AIM OF THE TASK => In the copy you make, include no pictures, and transcribe every record exactly.

Top of DATA FOR REVIEW

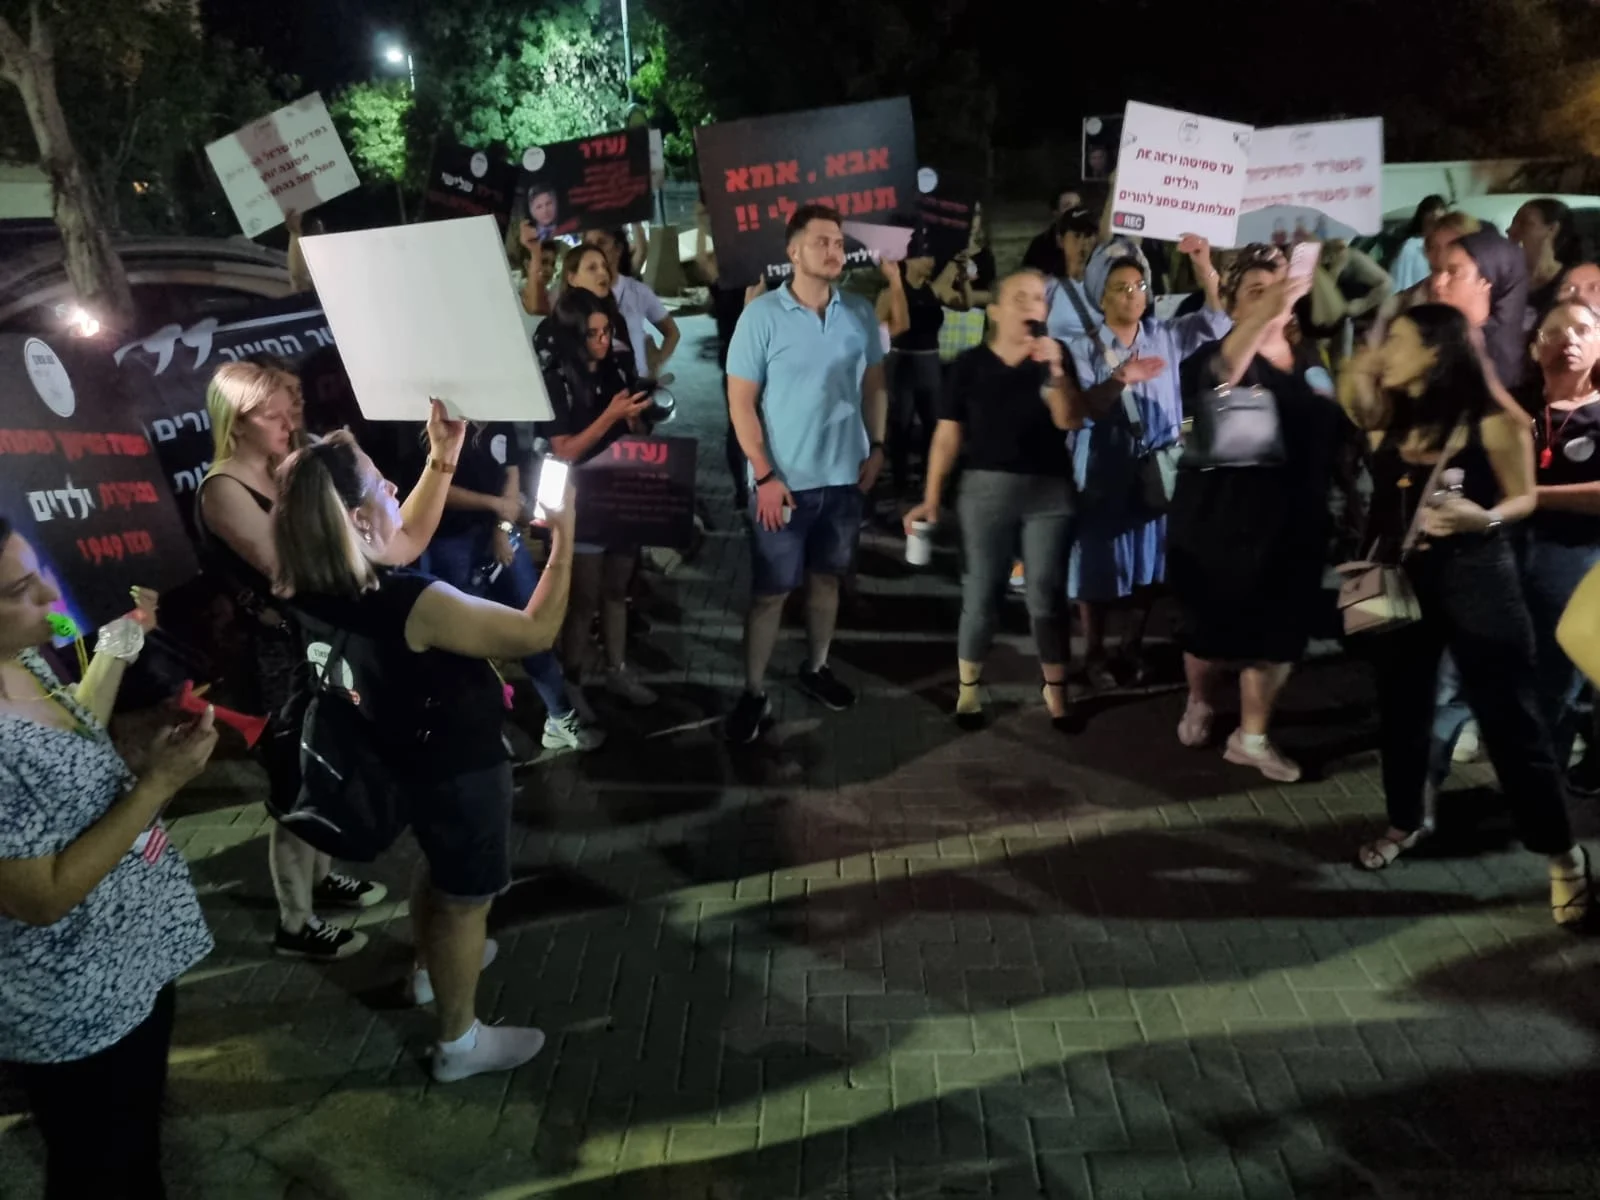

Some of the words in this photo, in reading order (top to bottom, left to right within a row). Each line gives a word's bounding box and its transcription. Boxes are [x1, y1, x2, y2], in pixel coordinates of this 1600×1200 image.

[578, 135, 628, 159] נעדר
[1136, 148, 1152, 160] את
[825, 147, 889, 178] אבא
[1154, 151, 1177, 164] יראה
[1179, 156, 1218, 172] שמישהו
[725, 160, 799, 193] אמא
[1220, 162, 1234, 175] עד
[1163, 175, 1199, 191] הילדים
[1119, 189, 1154, 205] להורים
[1156, 195, 1179, 208] שמע
[768, 196, 798, 224] לי
[1181, 200, 1196, 211] עם
[736, 203, 760, 232] !!
[1123, 215, 1142, 229] REC
[218, 335, 303, 363] החינוך
[152, 409, 210, 442] ורים
[25, 474, 96, 522] ילדים
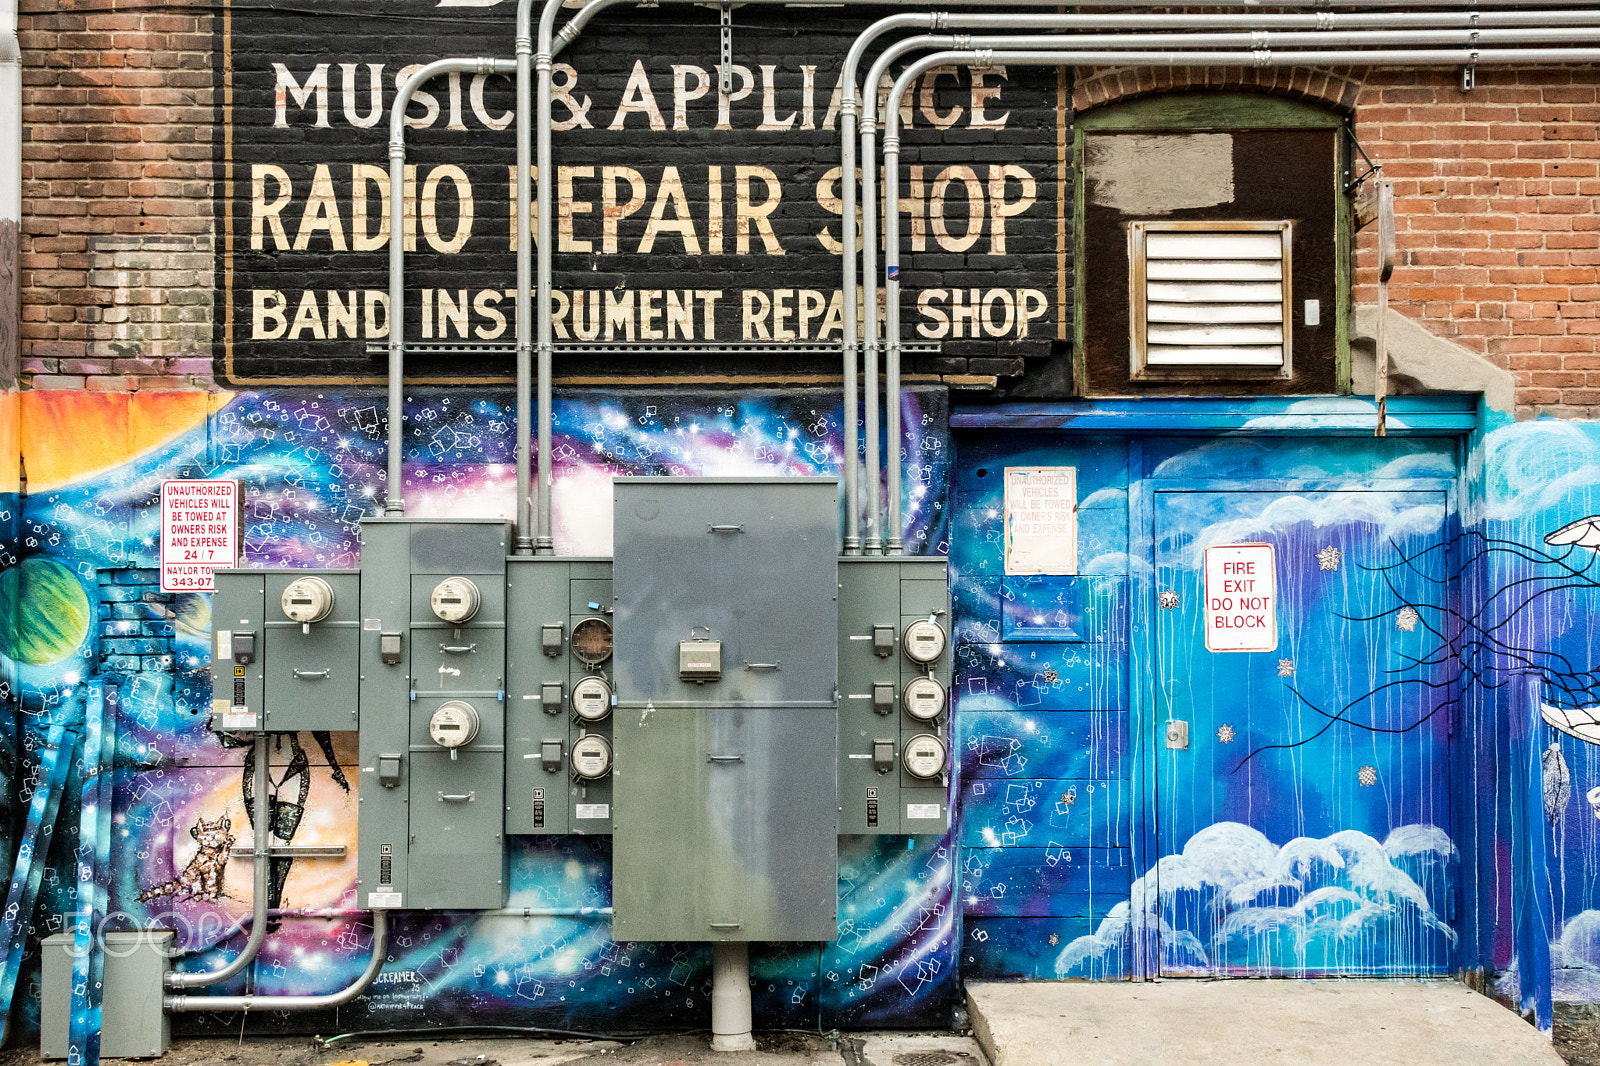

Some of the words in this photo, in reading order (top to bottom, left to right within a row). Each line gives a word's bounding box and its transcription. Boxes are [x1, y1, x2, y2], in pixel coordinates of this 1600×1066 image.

[271, 63, 515, 131] MUSIC
[550, 62, 595, 131] &
[250, 164, 474, 254] RADIO
[816, 164, 1037, 256] SHOP
[251, 289, 390, 340] BAND
[916, 288, 1049, 339] SHOP
[1011, 475, 1069, 485] UNAUTHORIZED
[167, 486, 232, 496] UNAUTHORIZED
[1022, 487, 1059, 497] VEHICLES
[168, 498, 209, 509] VEHICLES
[211, 498, 230, 509] WILL
[1010, 500, 1028, 509] WILL
[1031, 500, 1041, 509] BE
[1045, 499, 1071, 509] TOWED
[172, 511, 182, 521] BE
[185, 511, 214, 521] TOWED
[216, 511, 227, 521] AT
[1054, 511, 1071, 521] RISK
[171, 524, 206, 534] OWNERS
[208, 524, 228, 534] RISK
[1014, 523, 1029, 533] AND
[1033, 523, 1068, 533] EXPENSE
[171, 537, 188, 547] AND
[190, 537, 228, 547] EXPENSE
[184, 550, 198, 560] 24
[208, 550, 215, 560] 7
[167, 566, 199, 575] NAYLOR
[1223, 562, 1256, 575] FIRE
[1224, 580, 1256, 593] EXIT
[1211, 598, 1233, 611] DO
[1240, 597, 1270, 610] NOT
[1215, 615, 1266, 628] BLOCK
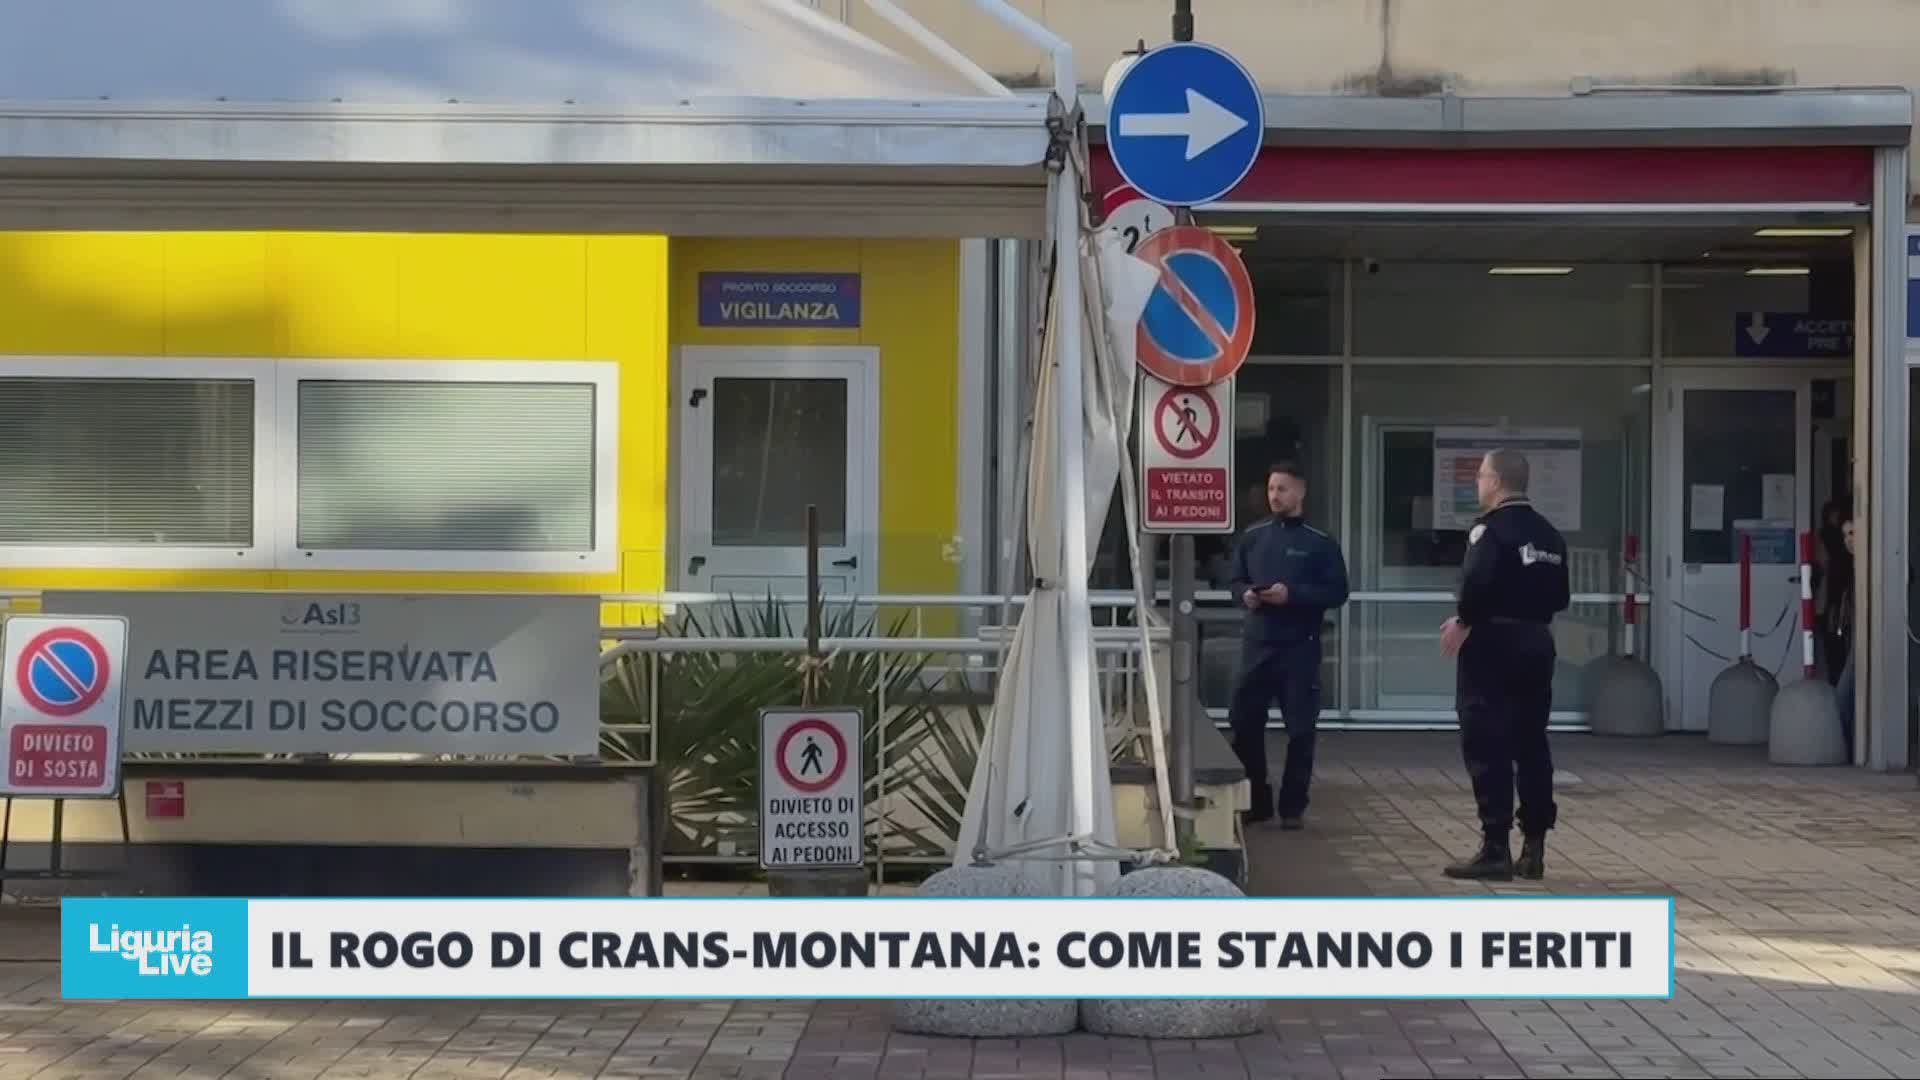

Bottom of DATA FOR REVIEW

EXPECTED ANSWER =>
Some of the words in this photo, in reading order (top to bottom, left to right within a row). Each line gives a word's bounding box and its transcription. Boxes are [x1, y1, x2, y2], in pixel coordinates of this 1600×1200 image.

[578, 135, 628, 159] נעדר
[1136, 148, 1152, 160] את
[825, 147, 889, 178] אבא
[1154, 151, 1177, 164] יראה
[1179, 156, 1218, 172] שמישהו
[725, 160, 799, 193] אמא
[1220, 162, 1234, 175] עד
[1163, 175, 1199, 191] הילדים
[1119, 189, 1154, 205] להורים
[1156, 195, 1179, 208] שמע
[768, 196, 798, 224] לי
[1181, 200, 1196, 211] עם
[736, 203, 760, 232] !!
[1123, 215, 1142, 229] REC
[218, 335, 303, 363] החינוך
[152, 409, 210, 442] ורים
[25, 474, 96, 522] ילדים

Some of the words in this photo, in reading order (top to bottom, left to right within a row). Each line gives a word's bounding box and its transcription. Boxes are [x1, y1, x2, y2], in pixel coordinates of this 1600×1066 image.

[271, 63, 515, 131] MUSIC
[550, 62, 595, 131] &
[250, 164, 474, 254] RADIO
[816, 164, 1037, 256] SHOP
[251, 289, 390, 340] BAND
[916, 288, 1049, 339] SHOP
[1011, 475, 1069, 485] UNAUTHORIZED
[167, 486, 232, 496] UNAUTHORIZED
[1022, 487, 1059, 497] VEHICLES
[168, 498, 209, 509] VEHICLES
[211, 498, 230, 509] WILL
[1010, 500, 1028, 509] WILL
[1031, 500, 1041, 509] BE
[1045, 499, 1071, 509] TOWED
[172, 511, 182, 521] BE
[185, 511, 214, 521] TOWED
[216, 511, 227, 521] AT
[1054, 511, 1071, 521] RISK
[171, 524, 206, 534] OWNERS
[208, 524, 228, 534] RISK
[1014, 523, 1029, 533] AND
[1033, 523, 1068, 533] EXPENSE
[171, 537, 188, 547] AND
[190, 537, 228, 547] EXPENSE
[184, 550, 198, 560] 24
[208, 550, 215, 560] 7
[167, 566, 199, 575] NAYLOR
[1223, 562, 1256, 575] FIRE
[1224, 580, 1256, 593] EXIT
[1211, 598, 1233, 611] DO
[1240, 597, 1270, 610] NOT
[1215, 615, 1266, 628] BLOCK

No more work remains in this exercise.